U.S. food producers are adjusting how they import pigs in an attempt to meet Chinese demand after an African swine fever epidemic decimated the hog population of the Asian nation and triggered an acute shortage of pork.

A subsidiary of Tyson Foods Inc. headquartered in Arkansas has become the first distributor to announce it will prohibit ractopamine from hogs that it purchases from producers as it seeks to eliminate the feed ingredient that China has removed from its supply chain. The step puts businesses in a role to raise imports to cover the deficit, while China is trying to resolve the 18-month trade war with the US.

"It paves the way for quick and growing exports to China," said Archer Financial Services senior livestock analyst and broker Dennis Smith. With ASF disease consuming hog herds across Asia, Vietnam and South Korea are also likely to need more pork, although North Korea is also known to have hog problems, he added.

Swine fever spread throughout Asia, infecting millions of pigs, causing unprecedented losses. Hardest hit is China, home to half of the hogs in the world, where pork prices soared. Industries in the nation have so far this year purchased U.S. agricultural products including 20 million tons of soybeans and 700,000 tons of pork and will increase their purchases, reporters told Foreign Ministry spokesman Geng Shuang on Tuesday.

Earlier this year, China halted beef exports from Canada after ractopamine was found in a shipment from a producer located in Quebec.

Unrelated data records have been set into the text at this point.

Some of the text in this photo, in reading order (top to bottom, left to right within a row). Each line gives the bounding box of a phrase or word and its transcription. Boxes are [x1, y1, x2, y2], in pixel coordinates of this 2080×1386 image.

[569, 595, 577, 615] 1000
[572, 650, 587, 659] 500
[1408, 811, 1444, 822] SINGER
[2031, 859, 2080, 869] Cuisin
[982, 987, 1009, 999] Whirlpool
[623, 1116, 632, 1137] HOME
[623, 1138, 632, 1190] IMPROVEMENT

While in the United States, the Food and Drug Administration permitted the use of the feed additive, since 2002 it has been prohibited by the Asian country, claiming that the drug could affect people who eat meat with it.

If all U.S. manufacturers were to prohibit ractopamine, that would cut American pork supply by 110 million pounds a year as pigs would be leaner, according to Dan Basse, chairman of AgResource Co. Tyson said farmers had been informed of the shift on Wednesday and had to meet the new demand by February 4.

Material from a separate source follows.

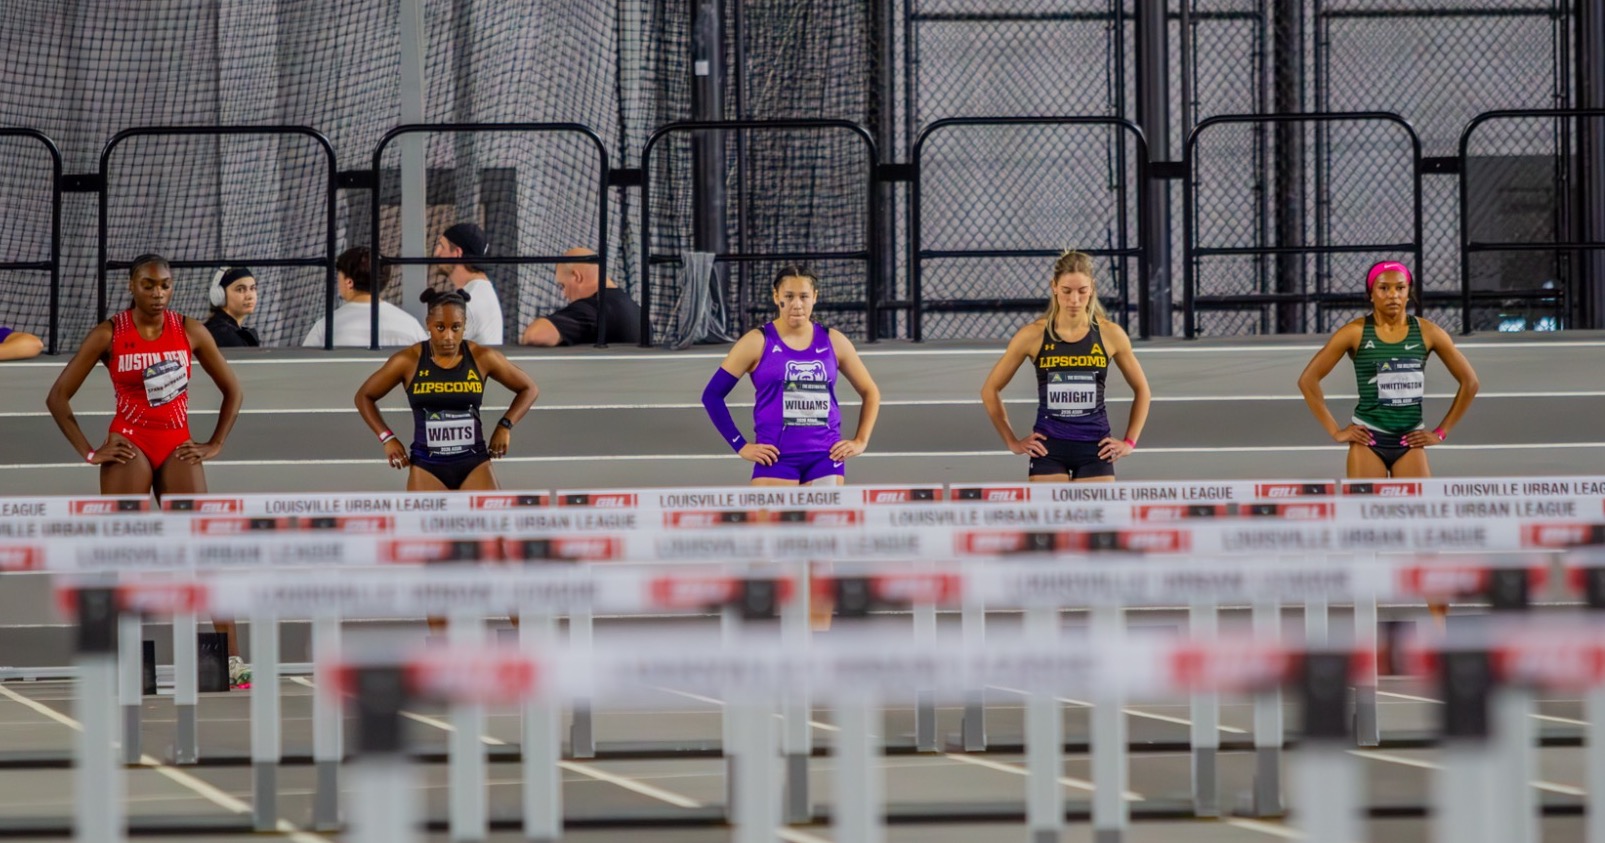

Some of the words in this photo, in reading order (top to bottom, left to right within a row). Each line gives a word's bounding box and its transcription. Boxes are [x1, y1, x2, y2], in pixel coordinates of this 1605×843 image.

The firm has provided export consumers with restricted ractopamine-free pork by partnering with farmers who grow hogs without it and by segregating animals and goods at processing plants. Such services no longer meet the increasing global demand sufficiently, Tyson said. The suspension will begin on February 2020.

"This is a response to JBS doing the same thing to open up their sales prospects to China," said Michael McDougall, a broker at New York's Paragon Global Markets. It will take China "a long time to recover, enabling countries such as the United States, Brazil, and the EU to export."